Fool's gold – the real price we pay for designer fakes

It's what's known as a blindspot.

While most of like to think we live our lives on the right side of the law, despairing at the apparently growing problems of youth crime and gun culture, wave a fake Burberry handbag under our nose and our resolve soon begins to crumble.

According to a report two-thirds of consumers,

who would presumably also describe themselves as upstanding members of society, are happy to own fake clothing, footwear and watches, believing that on the spectrum of criminal activity it hardly even registers.

While once we accepted luxury was the preserve of a wealthy elite, the public appetite for designer labels has never been greater and those who can't afford the real thing will simply buy the best copy they can.

"It's not a new problem," says Dana Thomas, fashion writer and author of Deluxe: How Luxury Lost Its Lustre.

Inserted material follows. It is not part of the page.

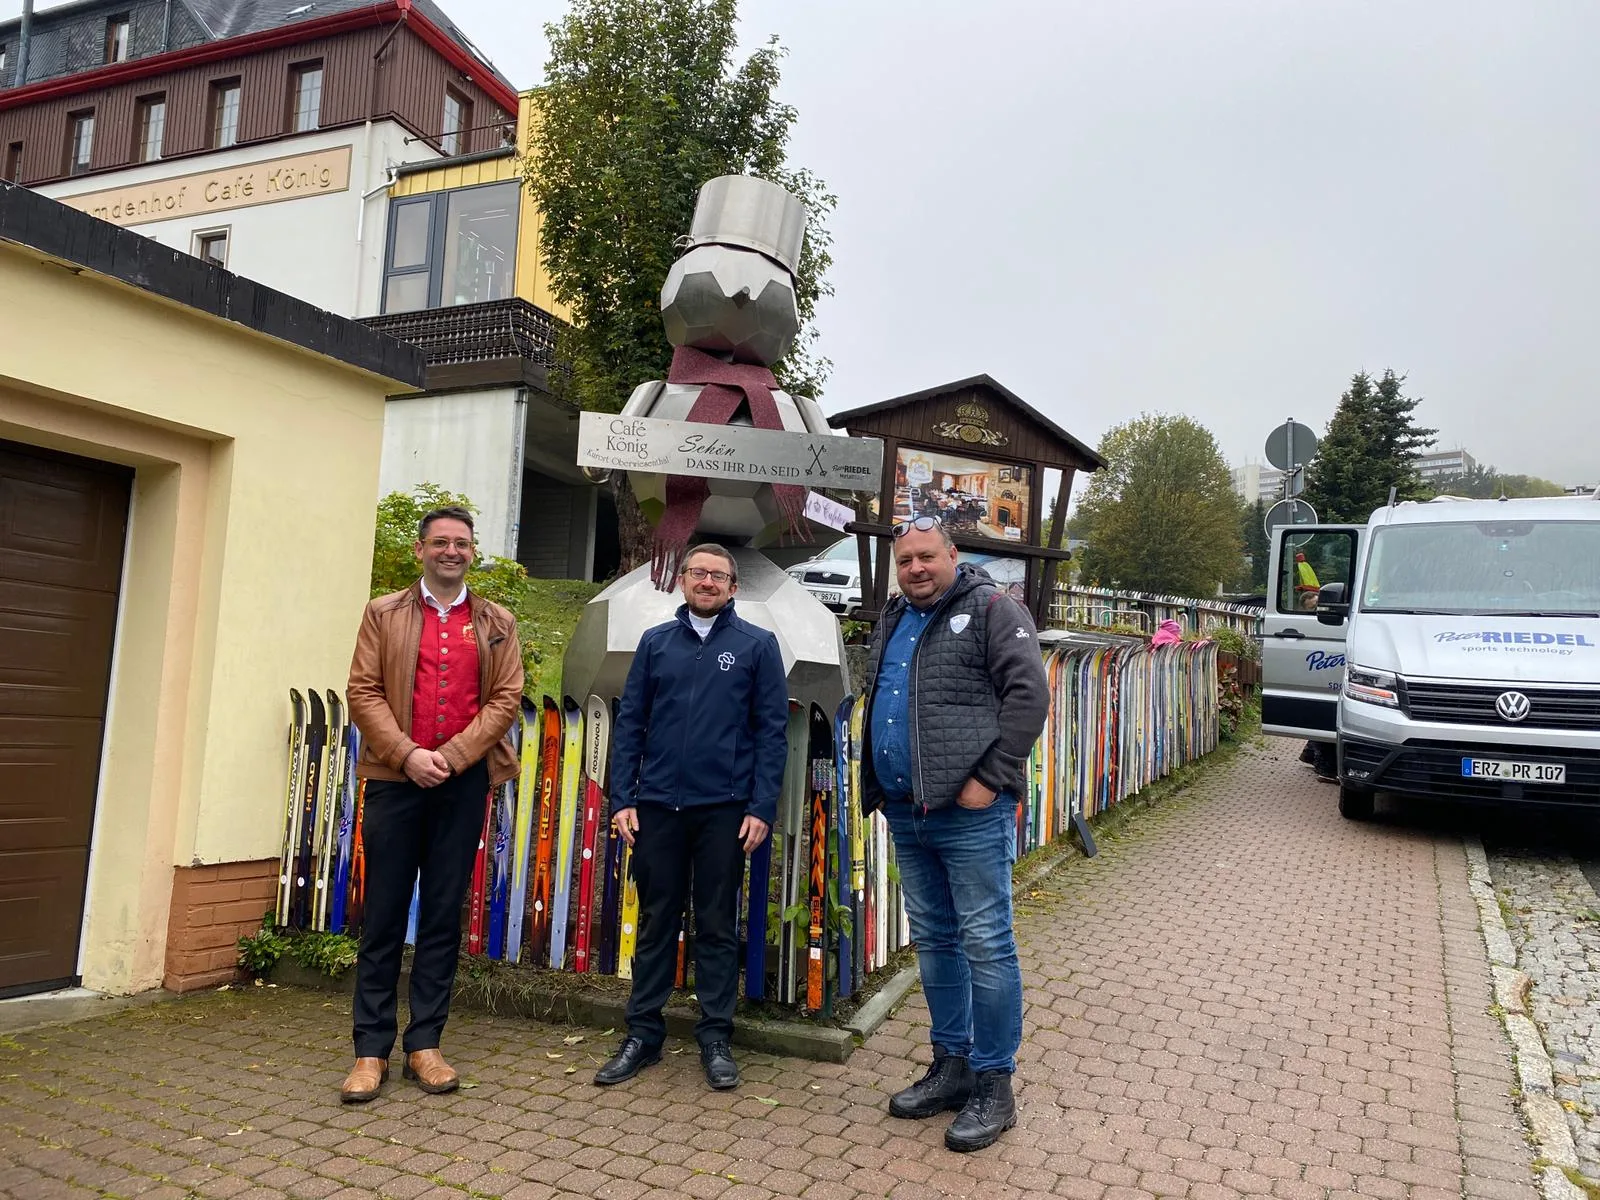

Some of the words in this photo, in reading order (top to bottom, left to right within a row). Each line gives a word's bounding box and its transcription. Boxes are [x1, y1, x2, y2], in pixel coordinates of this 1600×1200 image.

"In the late 19th-century cheap copies of a checked and striped Louis Vuitton trunk prompted the company to introduce its now signature LV trademark with Japanese floral symbols, which was much more difficult to copy.

"Over the years fashion trademarks have become increasingly used as marketing tools. Today it's the brand rather than the product which has become the object of public desire. However, when marketing men successfully created a buzz around certain labels, unfortunately they not only failed to meet the demand which followed, but when the average consumer found they couldn't afford top end fashion lines, the countefeiters saw a gap in the market and stepped in.

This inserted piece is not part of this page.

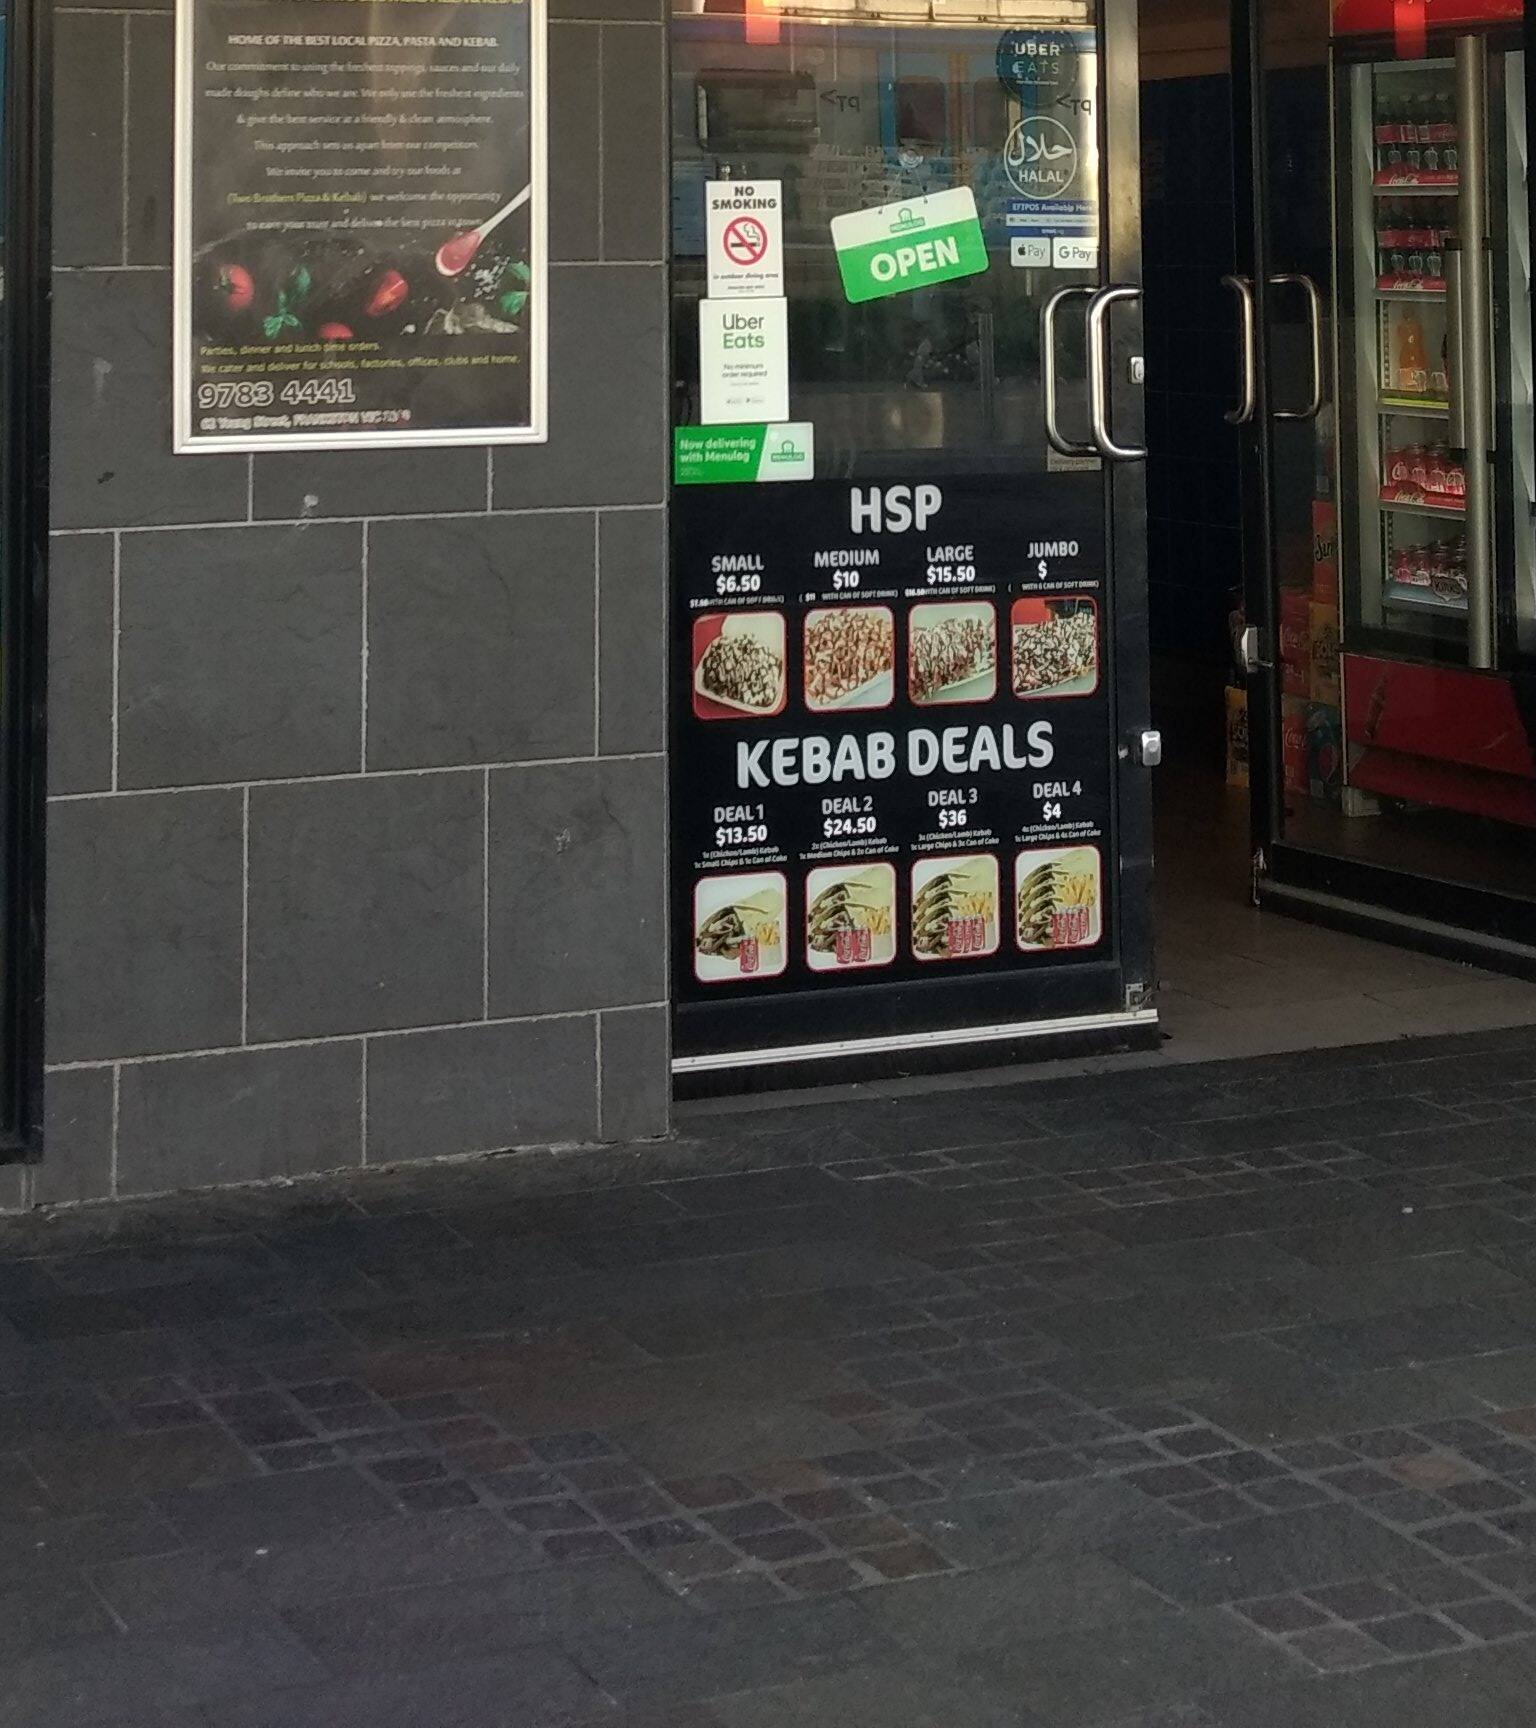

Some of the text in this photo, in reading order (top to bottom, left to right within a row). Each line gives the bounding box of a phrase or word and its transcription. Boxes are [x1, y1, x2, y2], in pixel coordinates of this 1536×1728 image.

"When copies of Gucci and Burberry began cropping up with a price tag of just five or 10 per cent of the real thing, the public's appetite was whetted. We started buying and just couldn't stop."

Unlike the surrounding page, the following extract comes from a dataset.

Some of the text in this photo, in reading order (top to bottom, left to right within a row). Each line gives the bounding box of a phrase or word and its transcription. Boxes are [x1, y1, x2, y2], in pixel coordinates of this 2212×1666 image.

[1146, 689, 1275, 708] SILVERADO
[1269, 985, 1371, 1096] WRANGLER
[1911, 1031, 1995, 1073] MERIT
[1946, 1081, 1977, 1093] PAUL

The first real evidence of mass counterfeiting began to spring up in the 1970s and 80s, but most of the major companies turned a blind eye to the cheap copies which could never hope to live up to the real thing.

However, the fakers soon began using increasingly sophisticated methods and by the time many of fashion's insiders woke up to the growing problem, organised gangs had a firm grip on a lucrative industry and weren't about to let go.

"Just as consumers, no longer satisfied with cheap handbags and perfume, began demanding goods they could pass off as genuine, China was becoming the world's manufacturing centre," says Dana. "Those two things collided and gave birth to a new class of entrepreneurs who saw counterfeiting as a viable business."

While inevitably the gangs behind the major counterfeiting operations are shrouded in secrecy, even conservative estimates of the economic and social effect are stark.

Since 1993 counterfeiting has increased by 1,700 per cent and fake goods account for seven per cent of today's global trade, the equivalent of $600bn.

"Fashion is one of the most popular sectors because it is easy and cheap to copy and even easier to sell," adds Dana.

"Counterfeiting costs the fashion industry up to $9.2bn a year. It is now a global racket often run by violent syndicates that also deal in drugs, guns, child prostitution, human trafficking and terrorism,

"The repercussions are far more sinister than most people can even imagine. The FBI believe the terrorists behind the 1993 World Trade Centre bombing were in part financed by the sale of the counterfeit T-shirts and profits from similar scams have gone to organisations like Hezbollah, Northern Ireland paramilitary groups and Colombia's main rebel army."

Many countries are now attempting to crack down on the problem with those found in possession of fake goods facing fines and prison sentences, but without greater public awareness the counterfeiters have little reason to stop.

"Shoppers have to be aware of whose pockets they are lining when they buy fake goods and we have to take the problem into our own hands."